1 Are we beginning to commend ourselves again? Or do we need, as some do, letters of recommendation to you, or from you? 2 You yourselves are our letter of recommendation, written on your hearts, to be known and read by all men; 3 and you show that you are a letter from Christ delivered by us, written not with ink but with the Spirit of the living God, not on tablets of stone but on tablets of human hearts.

4 Such is the confidence that we have through Christ toward God. 5 Not that we are competent of ourselves to claim anything as coming from us; our competence is from God, 6 who has made us competent to be ministers of a new covenant, not in a written code but in the Spirit; for the written code kills, but the Spirit gives life.

7 Now if the dispensation of death, carved in letters on stone, came with such splendor that the Israelites could not look at Moses' face because of its brightness, fading as this was, 8 will not the dispensation of the Spirit be attended with greater splendor? 9 For if there was splendor in the dispensation of condemnation, the dispensation of righteousness must far exceed it in splendor. 10 Indeed, in this case, what once had splendor has come to have no splendor at all, because of the splendor that surpasses it. 11 For if what faded away came with splendor, what is permanent must have much more splendor.

12 Since we have such a hope, we are very bold, 13 not like Moses, who put a veil over his face so that the Israelites might not see the end of the fading splendor. 14 But their minds were hardened; for to this day, when they read the old covenant, that same veil remains unlifted, because only through Christ is it taken away. 15 Yes, to this day whenever Moses is read a veil lies over their minds; 16 but when a man turns to the Lord the veil is removed.

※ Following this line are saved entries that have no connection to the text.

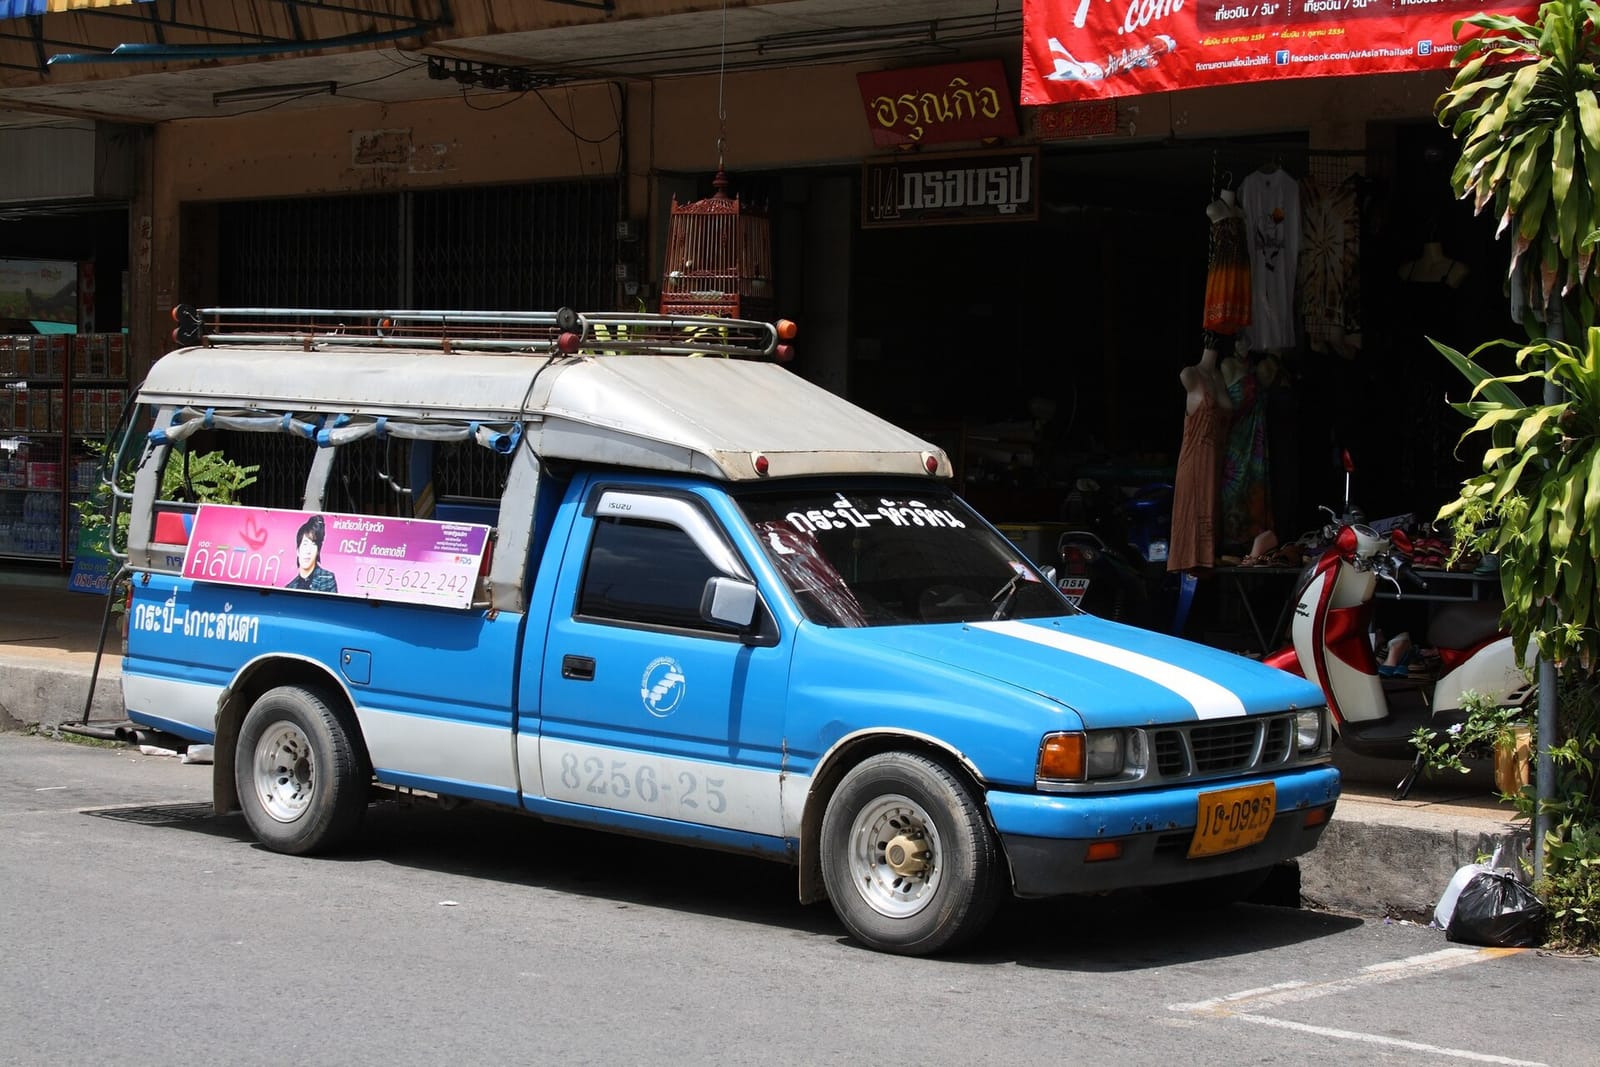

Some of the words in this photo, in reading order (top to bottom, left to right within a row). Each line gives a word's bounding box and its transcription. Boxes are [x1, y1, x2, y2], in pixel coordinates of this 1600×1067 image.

[1291, 48, 1413, 63] facebook.com/AirAsiaThailand
[870, 77, 1001, 141] อรุณกิจ
[786, 492, 966, 533] กระบี่-หัวหิน
[339, 532, 368, 554] กระบี่
[366, 566, 468, 594] 075-622-242
[134, 586, 259, 645] กระบี่-เกาะลันตา
[561, 752, 727, 814] 8256-25

17 Now the Lord is the Spirit, and where the Spirit of the Lord is, there is freedom. 18 And we all, with unveiled face, beholding the glory of the Lord, are being changed into his likeness from one degree of glory to another; for this comes from the Lord who is the Spirit. [1 Therefore, having this ministry by the mercy of God, we do not lose heart.]  Version: New Revised Standard Version.

COMMENTS

General:

  • Keep in mind that Paul's authority has been challenged, not only from within (the man disciplined as we read about in chapter 2) but also by outsiders (11:5) who claimed to be leaders superior to Paul.
  • His detractors seem to rely on letters of commendation. Paul claims that the fruit of his work, the Corinthians themselves, speak for his ministry (vv.1-3).
  • As messengers of the new covenant, Paul and his associates have both competence and confidence (vv.4-6).
    • As he thinks of the written letters (vv.1-3), he is led to compare the old and new covenants. One is written in stone (Exodus 20), the other in Spirit (Jeremiah 31:33).
    • Paul is not denigrating the old covenant, or suggesting that obedience is optional under the new.
  • The next covenant connection Paul makes is the veiling of Moses (Exodus 34).
    • Since the old covenant was so glorious, just think how glorious the new one is! (vv.7-11)
    • Our faces are not "veiled"; we behold the Lord and are gradually being transformed into his likeness (v.18). See also 4:16.
    • In contrast, the Jews of today, are prevented by a "veil" from seeing the glory of Christ. Just as Moses prevented them from seeing his glowing countenance, so today they do not understand the covenant transformation that has taken place.
    • The "boldness" of verse 12 is frankness, openness. We Christians do not conceal what we are about.
  • The freedom of verse 17 isn't freedom from law, as often interpreted, but freedom to reveal the glory of God to whoever we meet, wherever we are, whenever the time and however we choose to share our faith.
  • Finally -- and here is a case of the chapter separation falling in the wrong place -- as a result of all the incredible truths Paul has shared, we do not grow discouraged (4:1).
  • Thus in today's text we see that Paul views his own ministry to the world in the light of Moses' ministry to the Jews.
    • Moses, too, was a man with a message.
    • Moses, too, was a strong leader who faced strong criticism from others.
    • Moses, like Paul, defined what it meant to live under the covenant. (In his case, the old law; in Paul's, the new.)

Advanced:

  • Parresia (openness, frankness; boldness, confidence, assurance) in verse 12 is not a passage only about evangelism, but about our entire demeanor as Christians.
  • Covenants are prominent in scripture. The word itself, in its various forms, appears 366 times. Covenants include the Adamic, Noachic, Abrahamic, Mosaic, Davidic, etc. For a proper understanding of scripture, a knowledge of the covenants is essential. In fact God's normal way of dealing with people is through a covenant. For more, click here.
  • For more about "the Lord, the Spirit," click here.

Thought questions:

  • What is the source of my confidence as a Christian? Is it rooted in my competence as a minister of the new covenant, or is it rooted in myself or in my accomplishments?
  • When people look at me, do they see what I am about, or is my faith "veiled"?